Managing acute kidney failure (Proceedings)


Managing acute kidney failure (Proceedings)

Nov 01, 2009

Treatment of acute kidney injury involves therapy for azotemia, extra renal manifestations, supportive care, and in some cases, therapy specific for the underlying disease process. Frequent monitoring of the patient is also necessary for a good outcome.

Fluid therapy

Fluid therapy is the mainstay of treatment for both acute and chronic kidney disease. Dehydration should be replaced with a balanced polyionic solution like LRS or Plasmalyte, but a solution with less sodium such as half-strength LRS is prudent for maintenance fluid needs. Sodium derangements should be reversed at the same rate at which they developed. Colloidal support (Hetastarch, Dextran, or plasma) may also be indicated depending on the clinical status of the patient.

Determining the amount of fluid to use in AKI is a challenge that requires frequent reassessment of the patient's status. Calculate an amount to rehydrate the patient (usually over 8 to 24 hours). If the patient appears hydrated, give 5% of body weight to account for undetectable dehydration. However, if the patient is anuric or oliguric, continued IV diuresis is not helpful and can be dangerous. For the oliguric or anuric patient, fluid administration may need to be guided by volume of urine output, or "Ins and Outs." The volume lost by a patient equals the insensible loss (respiration, stool) plus urine output plus ongoing losses (vomiting, fluid exudation into wounds, nasogastric suctioning, etc.). Insensible loss is 10 ml/lb/day (22 ml/kg/day). To measure urine output, use a urinary catheter and record volume produced at least every 4 to 6 hours, and replace this volume over the next 4 to 6 hours. Ongoing losses, like vomiting, diarrhea, gastric suction, etc. can be measured but are usually estimated.

If the patient is anuric, he will get only insensible loss. If he is overhydrated, withhold the insensible loss. Overhydration in an anuric patient or inability to start diuresis an oliguric or anuric patient is a clear indication for dialysis, which is the only other effective therapeutic option.

Converting oliguria to non-oliguria

There are a variety of methods to attempt to increase urine output. Before determining that oliguria is pathologic, ensure that the patient is adequately hydrated and has sufficient blood pressure to adequately perfuse the kidneys. The mean arterial pressure should be maintained above 60-80 mmHg, or the systolic pressure above 80-100 mmHg when measured by Doppler technology.
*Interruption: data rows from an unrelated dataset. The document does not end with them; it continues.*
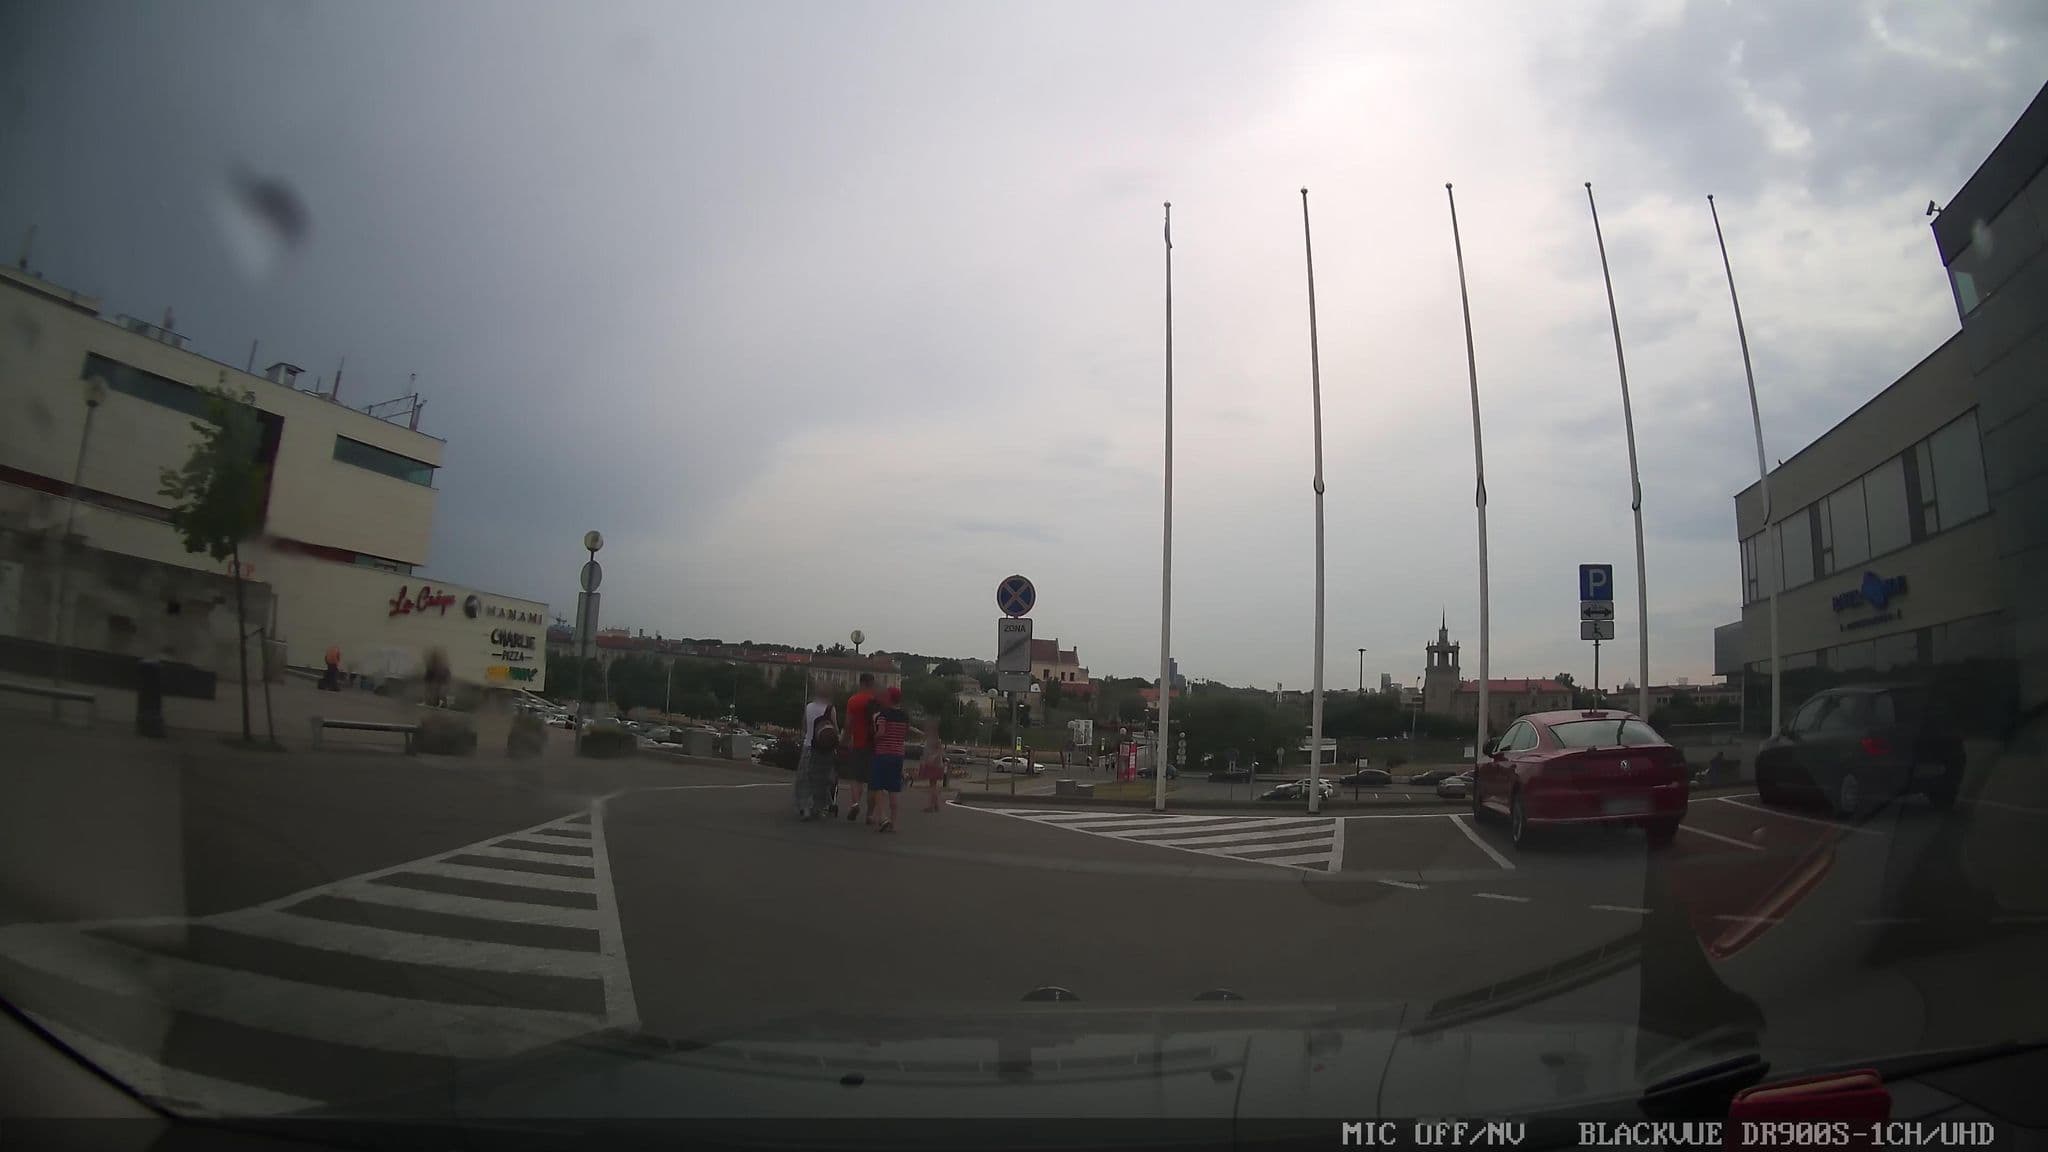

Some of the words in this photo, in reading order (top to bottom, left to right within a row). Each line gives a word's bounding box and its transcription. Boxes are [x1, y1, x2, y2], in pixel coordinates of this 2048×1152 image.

[1589, 568, 1606, 597] P
[1003, 624, 1026, 633] ZONA
[490, 628, 536, 649] CHARLIE
[501, 650, 525, 662] PIZZA
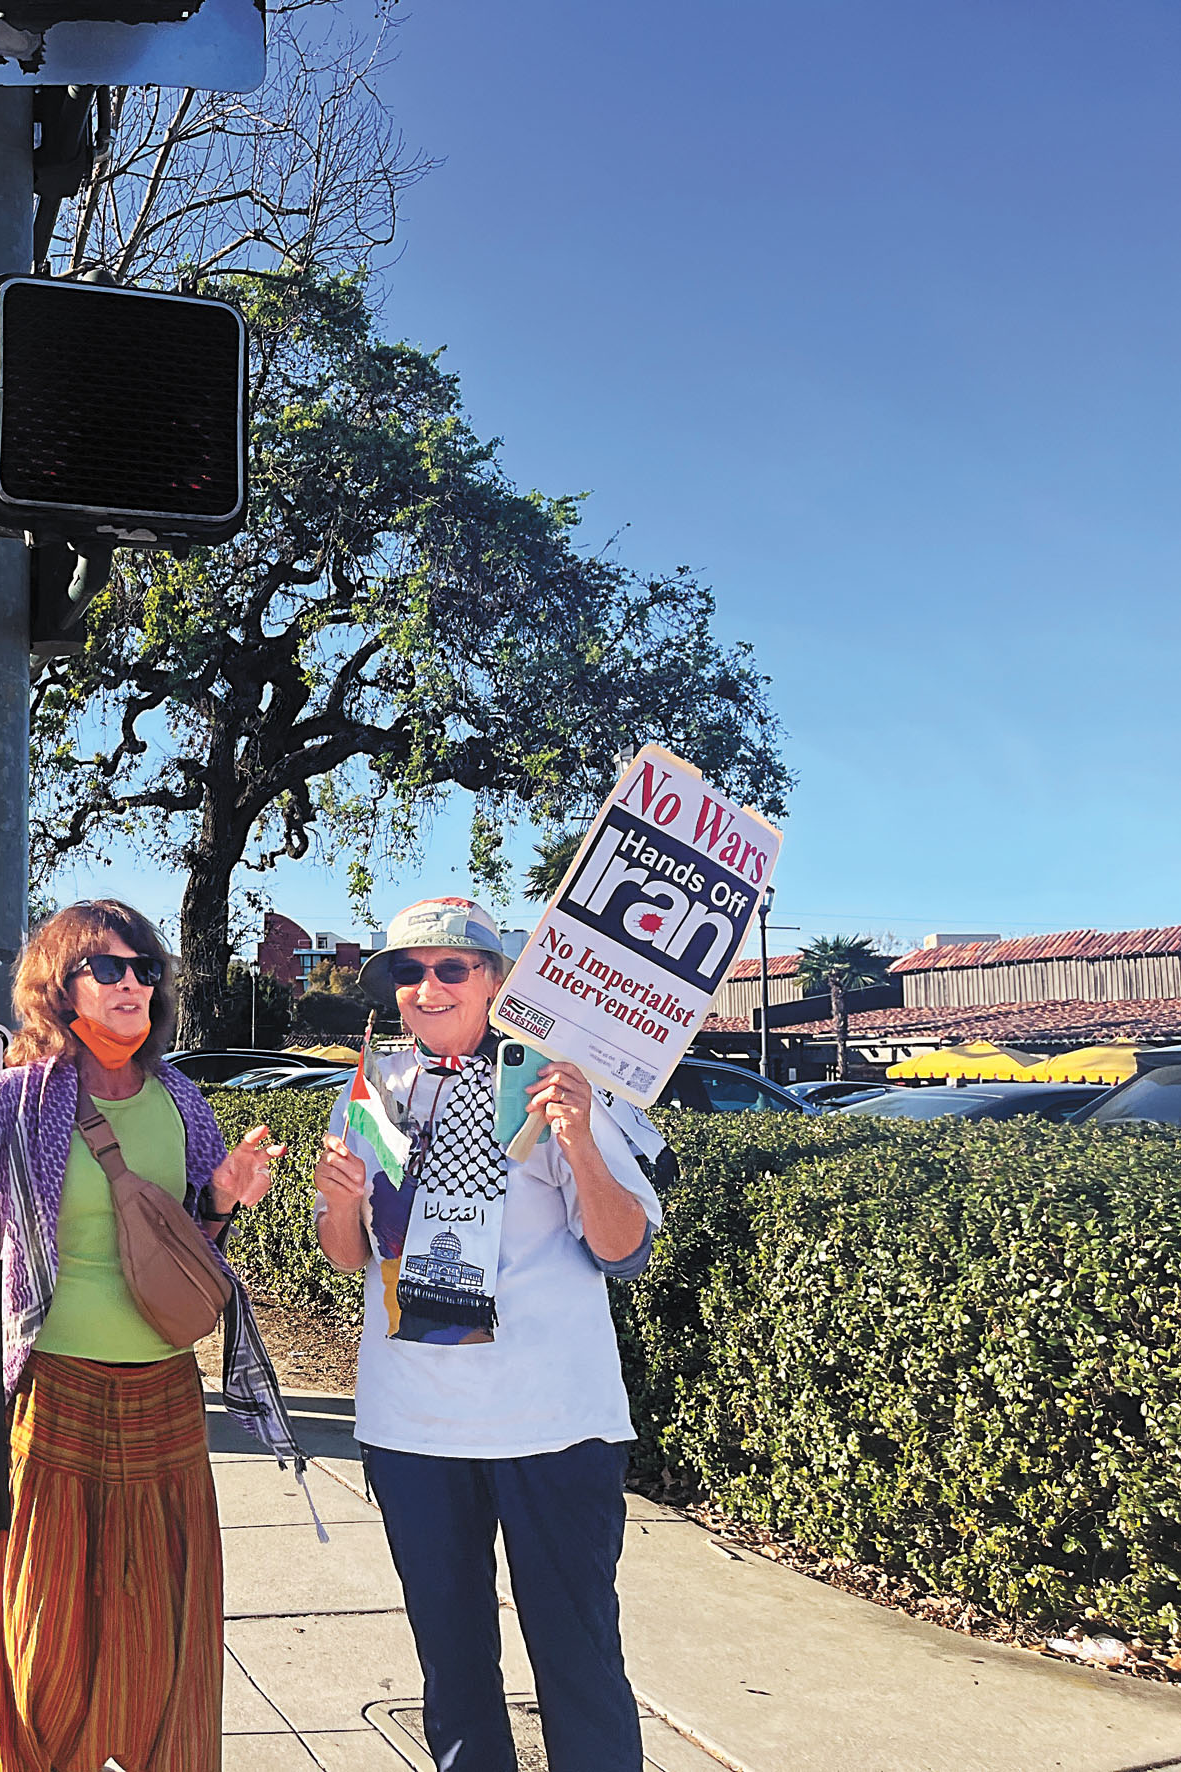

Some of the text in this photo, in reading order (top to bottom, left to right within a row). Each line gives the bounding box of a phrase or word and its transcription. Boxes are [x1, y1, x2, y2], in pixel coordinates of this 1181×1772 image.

[618, 760, 768, 885] No Wars
[568, 824, 734, 979] Iran
[620, 828, 749, 918] Hands Off
[524, 1008, 551, 1030] FREE
[536, 954, 670, 1044] Intervention
[538, 926, 696, 1028] No Imperialist
[500, 1008, 546, 1037] PALESTINE
Osmotic diuretics like mannitol are freely filtered at glomerulus but not reabsorbed by tubules. Increased osmolality of filtrate draws in water, increasing flow through the tubules without increasing GFR. The mannitol dose is 0.5 gm/kg over 5-10 minutes IV, up to a maximum of 2 gm/kg per 24 hours. Do not use mannitol in dehydrated or overhydrated animals; it can exacerbate pulmonary edema if the patient is overhydrated. Mannitol can also be used as constant rate infusion (CRI) of 1 mg/kg/min to decrease BUN in animals that are producing urine.
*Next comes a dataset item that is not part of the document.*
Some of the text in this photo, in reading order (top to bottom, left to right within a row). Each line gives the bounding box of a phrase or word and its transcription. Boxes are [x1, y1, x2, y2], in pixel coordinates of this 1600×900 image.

Chemical diuretics work by inhibiting Na+ carrier systems in tubules. Since different segments of tubules have different transport molecules, different drugs affect corresponding segment. Loop diuretics are most potent, since 25% of filtered sodium is resorbed in the loop of Henle. Thiazide diuretics work on the distal convoluted tubule, where 3-5 % of filtered sodium is resorbed. Spironolactone and other collecting duct diuretics are least potent, since only 1% of filtered sodium is available. Loop diuretics are the only ones helpful in converting oliguria or anuria. A starting dose for Furosemide (Lasix), a loop diuretic, is 2 mg/kg IV. If there is no urine production in 20-30 minutes, double the dose to 4 mg/kg. If there is still no urine in 20-30 minutes, increase the dose again (6-8 mg/kg). If still no response, add a second diuretic. High doses of furosemide (10 mg/kg) can cause ototoxicity. If the loading dose of furosemide induces urine production, it can be continued as a intermittent bolus (2 mg/kg q 6 hours) or a constant infusion (0.1 to 1 mg/kg/hr). Dehydration and electrolyte imbalances can be severe with higher doses of furosemide, if the patient is making urine. This increased urine flow does not increase GFR. In people, regardless of an effect on urine output, furosemide did not improve the outcome. IV diltiazem has been used to increase urine output.
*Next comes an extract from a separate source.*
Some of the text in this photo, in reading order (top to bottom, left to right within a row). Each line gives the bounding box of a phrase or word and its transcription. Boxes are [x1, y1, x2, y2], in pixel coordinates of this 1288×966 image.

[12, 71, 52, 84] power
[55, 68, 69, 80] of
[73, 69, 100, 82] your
Once a diuresis has been established, polyuria can be quite profound, and aggressive fluid support may be necessary to prevent additional prerenal insult from dehydration. Once the azotemia has resolved or reached a baseline, the fluid dose can be decreased by 10-20% per day. If the urine output diminishes by a corresponding degree and the azotemia does not return, continue tapering slowly. If the urine output does not diminish, the kidneys are unable to regulate fluid balance and further reduction in the fluid administered will lead to a dehydrated patient. It can take weeks for the kidneys to regain the ability to control fluid volume, but a rule of thumb used by some is to taper fluids over the same amount of time it took to diuresis them.